Start of Block
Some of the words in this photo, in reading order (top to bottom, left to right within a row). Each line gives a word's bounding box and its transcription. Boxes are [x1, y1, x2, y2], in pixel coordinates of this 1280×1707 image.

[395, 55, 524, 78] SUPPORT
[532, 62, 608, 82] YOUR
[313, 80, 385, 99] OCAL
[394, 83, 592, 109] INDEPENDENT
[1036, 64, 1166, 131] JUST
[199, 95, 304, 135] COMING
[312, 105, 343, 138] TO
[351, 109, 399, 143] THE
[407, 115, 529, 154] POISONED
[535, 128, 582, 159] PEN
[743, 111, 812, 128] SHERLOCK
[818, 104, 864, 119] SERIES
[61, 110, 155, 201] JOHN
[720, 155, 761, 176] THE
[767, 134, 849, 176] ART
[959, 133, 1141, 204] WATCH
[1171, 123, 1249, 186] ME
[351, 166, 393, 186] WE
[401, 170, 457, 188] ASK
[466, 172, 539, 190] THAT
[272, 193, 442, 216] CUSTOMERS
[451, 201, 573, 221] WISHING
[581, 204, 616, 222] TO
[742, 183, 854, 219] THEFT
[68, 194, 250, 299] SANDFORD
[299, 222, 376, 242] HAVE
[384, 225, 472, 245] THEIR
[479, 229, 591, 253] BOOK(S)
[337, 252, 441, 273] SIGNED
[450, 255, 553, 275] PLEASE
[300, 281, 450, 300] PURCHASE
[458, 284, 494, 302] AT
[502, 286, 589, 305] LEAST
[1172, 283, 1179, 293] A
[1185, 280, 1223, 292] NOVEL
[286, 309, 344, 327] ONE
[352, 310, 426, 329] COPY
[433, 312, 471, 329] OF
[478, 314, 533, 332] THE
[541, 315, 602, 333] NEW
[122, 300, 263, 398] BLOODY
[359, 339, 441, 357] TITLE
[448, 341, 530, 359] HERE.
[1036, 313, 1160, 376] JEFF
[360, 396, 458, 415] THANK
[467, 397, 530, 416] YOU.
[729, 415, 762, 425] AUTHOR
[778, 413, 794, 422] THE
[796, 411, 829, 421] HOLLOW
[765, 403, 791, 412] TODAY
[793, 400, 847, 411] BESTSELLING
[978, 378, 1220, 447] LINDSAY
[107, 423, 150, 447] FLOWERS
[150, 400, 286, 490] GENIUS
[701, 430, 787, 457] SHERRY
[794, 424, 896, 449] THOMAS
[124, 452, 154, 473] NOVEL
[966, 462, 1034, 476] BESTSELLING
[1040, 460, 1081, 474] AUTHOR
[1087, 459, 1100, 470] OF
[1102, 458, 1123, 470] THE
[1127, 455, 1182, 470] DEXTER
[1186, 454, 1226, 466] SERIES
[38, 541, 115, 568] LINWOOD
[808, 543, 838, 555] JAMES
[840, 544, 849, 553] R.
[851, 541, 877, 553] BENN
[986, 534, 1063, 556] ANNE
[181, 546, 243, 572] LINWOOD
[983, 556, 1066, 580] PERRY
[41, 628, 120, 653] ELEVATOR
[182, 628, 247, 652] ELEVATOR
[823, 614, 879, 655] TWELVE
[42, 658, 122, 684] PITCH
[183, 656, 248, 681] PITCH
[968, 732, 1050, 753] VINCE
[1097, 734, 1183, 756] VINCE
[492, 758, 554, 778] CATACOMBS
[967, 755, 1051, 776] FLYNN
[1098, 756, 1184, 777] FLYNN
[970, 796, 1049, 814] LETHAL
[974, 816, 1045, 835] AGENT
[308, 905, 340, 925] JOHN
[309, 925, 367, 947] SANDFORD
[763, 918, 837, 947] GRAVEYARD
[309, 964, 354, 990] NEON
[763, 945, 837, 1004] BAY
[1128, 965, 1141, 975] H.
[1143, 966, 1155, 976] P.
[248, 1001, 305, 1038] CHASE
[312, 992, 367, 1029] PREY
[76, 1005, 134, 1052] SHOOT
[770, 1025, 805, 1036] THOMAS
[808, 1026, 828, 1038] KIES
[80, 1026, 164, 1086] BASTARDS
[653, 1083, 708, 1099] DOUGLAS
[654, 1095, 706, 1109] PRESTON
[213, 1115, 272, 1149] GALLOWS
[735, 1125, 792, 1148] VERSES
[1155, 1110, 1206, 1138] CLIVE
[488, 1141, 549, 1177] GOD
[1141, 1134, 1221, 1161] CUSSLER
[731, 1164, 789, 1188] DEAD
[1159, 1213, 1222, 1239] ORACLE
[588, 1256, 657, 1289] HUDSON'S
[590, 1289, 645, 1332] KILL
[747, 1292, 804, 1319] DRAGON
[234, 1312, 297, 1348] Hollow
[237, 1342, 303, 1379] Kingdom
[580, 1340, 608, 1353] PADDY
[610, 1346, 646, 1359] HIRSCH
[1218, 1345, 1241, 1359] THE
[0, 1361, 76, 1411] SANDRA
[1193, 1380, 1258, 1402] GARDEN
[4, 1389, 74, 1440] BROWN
End of Block
#### [Exercise description]
Transcribe the material above in its entirety, precisely as written.

#### [Task answer]
Some of the words in this photo, in reading order (top to bottom, left to right within a row). Each line gives a word's bounding box and its transcription. Boxes are [x1, y1, x2, y2], in pixel coordinates of this 1280×1707 image.

[395, 55, 524, 78] SUPPORT
[532, 62, 608, 82] YOUR
[313, 80, 385, 99] OCAL
[394, 83, 592, 109] INDEPENDENT
[1036, 64, 1166, 131] JUST
[199, 95, 304, 135] COMING
[312, 105, 343, 138] TO
[351, 109, 399, 143] THE
[407, 115, 529, 154] POISONED
[535, 128, 582, 159] PEN
[743, 111, 812, 128] SHERLOCK
[818, 104, 864, 119] SERIES
[61, 110, 155, 201] JOHN
[720, 155, 761, 176] THE
[767, 134, 849, 176] ART
[959, 133, 1141, 204] WATCH
[1171, 123, 1249, 186] ME
[351, 166, 393, 186] WE
[401, 170, 457, 188] ASK
[466, 172, 539, 190] THAT
[272, 193, 442, 216] CUSTOMERS
[451, 201, 573, 221] WISHING
[581, 204, 616, 222] TO
[742, 183, 854, 219] THEFT
[68, 194, 250, 299] SANDFORD
[299, 222, 376, 242] HAVE
[384, 225, 472, 245] THEIR
[479, 229, 591, 253] BOOK(S)
[337, 252, 441, 273] SIGNED
[450, 255, 553, 275] PLEASE
[300, 281, 450, 300] PURCHASE
[458, 284, 494, 302] AT
[502, 286, 589, 305] LEAST
[1172, 283, 1179, 293] A
[1185, 280, 1223, 292] NOVEL
[286, 309, 344, 327] ONE
[352, 310, 426, 329] COPY
[433, 312, 471, 329] OF
[478, 314, 533, 332] THE
[541, 315, 602, 333] NEW
[122, 300, 263, 398] BLOODY
[359, 339, 441, 357] TITLE
[448, 341, 530, 359] HERE.
[1036, 313, 1160, 376] JEFF
[360, 396, 458, 415] THANK
[467, 397, 530, 416] YOU.
[729, 415, 762, 425] AUTHOR
[778, 413, 794, 422] THE
[796, 411, 829, 421] HOLLOW
[765, 403, 791, 412] TODAY
[793, 400, 847, 411] BESTSELLING
[978, 378, 1220, 447] LINDSAY
[107, 423, 150, 447] FLOWERS
[150, 400, 286, 490] GENIUS
[701, 430, 787, 457] SHERRY
[794, 424, 896, 449] THOMAS
[124, 452, 154, 473] NOVEL
[966, 462, 1034, 476] BESTSELLING
[1040, 460, 1081, 474] AUTHOR
[1087, 459, 1100, 470] OF
[1102, 458, 1123, 470] THE
[1127, 455, 1182, 470] DEXTER
[1186, 454, 1226, 466] SERIES
[38, 541, 115, 568] LINWOOD
[808, 543, 838, 555] JAMES
[840, 544, 849, 553] R.
[851, 541, 877, 553] BENN
[986, 534, 1063, 556] ANNE
[181, 546, 243, 572] LINWOOD
[983, 556, 1066, 580] PERRY
[41, 628, 120, 653] ELEVATOR
[182, 628, 247, 652] ELEVATOR
[823, 614, 879, 655] TWELVE
[42, 658, 122, 684] PITCH
[183, 656, 248, 681] PITCH
[968, 732, 1050, 753] VINCE
[1097, 734, 1183, 756] VINCE
[492, 758, 554, 778] CATACOMBS
[967, 755, 1051, 776] FLYNN
[1098, 756, 1184, 777] FLYNN
[970, 796, 1049, 814] LETHAL
[974, 816, 1045, 835] AGENT
[308, 905, 340, 925] JOHN
[309, 925, 367, 947] SANDFORD
[763, 918, 837, 947] GRAVEYARD
[309, 964, 354, 990] NEON
[763, 945, 837, 1004] BAY
[1128, 965, 1141, 975] H.
[1143, 966, 1155, 976] P.
[248, 1001, 305, 1038] CHASE
[312, 992, 367, 1029] PREY
[76, 1005, 134, 1052] SHOOT
[770, 1025, 805, 1036] THOMAS
[808, 1026, 828, 1038] KIES
[80, 1026, 164, 1086] BASTARDS
[653, 1083, 708, 1099] DOUGLAS
[654, 1095, 706, 1109] PRESTON
[213, 1115, 272, 1149] GALLOWS
[735, 1125, 792, 1148] VERSES
[1155, 1110, 1206, 1138] CLIVE
[488, 1141, 549, 1177] GOD
[1141, 1134, 1221, 1161] CUSSLER
[731, 1164, 789, 1188] DEAD
[1159, 1213, 1222, 1239] ORACLE
[588, 1256, 657, 1289] HUDSON'S
[590, 1289, 645, 1332] KILL
[747, 1292, 804, 1319] DRAGON
[234, 1312, 297, 1348] Hollow
[237, 1342, 303, 1379] Kingdom
[580, 1340, 608, 1353] PADDY
[610, 1346, 646, 1359] HIRSCH
[1218, 1345, 1241, 1359] THE
[0, 1361, 76, 1411] SANDRA
[1193, 1380, 1258, 1402] GARDEN
[4, 1389, 74, 1440] BROWN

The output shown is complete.